Our main objective is to further optimize and develop the method of Schwarcz et al. and apply it to the analysis of (known PMI) human bone samples. Analysis of fresh and aged pig bone samples under controlled conditions is ongoing, to obtain a composite (fresh) baseline for citrate content (i.e., mass) and test citrate decrease (aged). Schwarcz et al.'s enzymatic citrate assay method is being replicated. Results will be compared to those of previous researchers.
Two improvements to the method will be attempted. First, a second analytical technique will be used to determine citrate content, high performance liquid chromatography (HPLC). This two-method approach will provide an additional assessment of method accuracy and reliability. Second, unlike other researchers who have used "mass %" to present citrate content, we propose a ratio of total citrate mass to surface area of the sample. Dicken's (1941) work and that of Hu et al. (2010) has shown that citrate is primarily bound to the surface of bone, so it is expected that surface area will provide a means to normalize between bone samples with different densities. "Mass %" will still be calculated, but will be used primarily for comparison purposes.

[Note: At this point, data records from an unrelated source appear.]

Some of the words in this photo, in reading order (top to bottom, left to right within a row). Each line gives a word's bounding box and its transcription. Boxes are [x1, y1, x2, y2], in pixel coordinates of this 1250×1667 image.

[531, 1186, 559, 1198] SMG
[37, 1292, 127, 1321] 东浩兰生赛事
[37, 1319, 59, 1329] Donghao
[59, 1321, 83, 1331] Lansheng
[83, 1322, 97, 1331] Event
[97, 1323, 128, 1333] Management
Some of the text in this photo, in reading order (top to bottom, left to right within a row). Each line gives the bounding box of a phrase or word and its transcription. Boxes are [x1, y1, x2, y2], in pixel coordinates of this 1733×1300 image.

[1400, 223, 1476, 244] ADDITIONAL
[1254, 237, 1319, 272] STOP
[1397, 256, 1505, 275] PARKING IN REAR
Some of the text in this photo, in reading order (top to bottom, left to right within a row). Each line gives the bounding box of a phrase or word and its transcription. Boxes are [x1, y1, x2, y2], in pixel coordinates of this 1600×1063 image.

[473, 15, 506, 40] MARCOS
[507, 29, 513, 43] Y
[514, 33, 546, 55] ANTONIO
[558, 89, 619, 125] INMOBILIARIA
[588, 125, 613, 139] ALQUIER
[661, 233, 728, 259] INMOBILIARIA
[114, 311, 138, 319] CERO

Data collection will be performed by both project directors. Prior to analysis, sample information will be entered into a specimen log database, with the following information: accession number, origin (UTK, OCME), PMI, and any other relevant information regarding taphonomic history. Prior to analysis, surface area data for samples will be determined by high resolution digital scanning or optical microscopy and logged into a second results database. Following instrumental analysis and data treatment, citrate content and normalized results will be entered into the results database. All method files and raw data will be stored locally on PC workstations. Databases, spreadsheets, and other electronic files will be stored in the project directors' laboratory and personal PC workstations. All files will be backed up at least monthly to a second physical non-bootable storage drive and to the College at Brockport's "Filecity2" remote data server, (encrypted, behind local and campus firewalls, with antivirus protection).
We expect to accomplish the following: demonstrate/not demonstrate external validity of the Schwarcz et al. study, demonstrate utility of a second method to determine bone citrate content, demonstrate utility of adding sample surface area to calculation of citrate content, and demonstrate/not demonstrate the usefulness of citrate in determination of PMI. Expected products include: at least one presentation at a national conference, at least two presentations at local conferences, at least one manuscript submission to a peer-reviewed journal, training of at least two undergraduate students, optimized methods for citrate determination in bone, and results databases made available to the scientific community.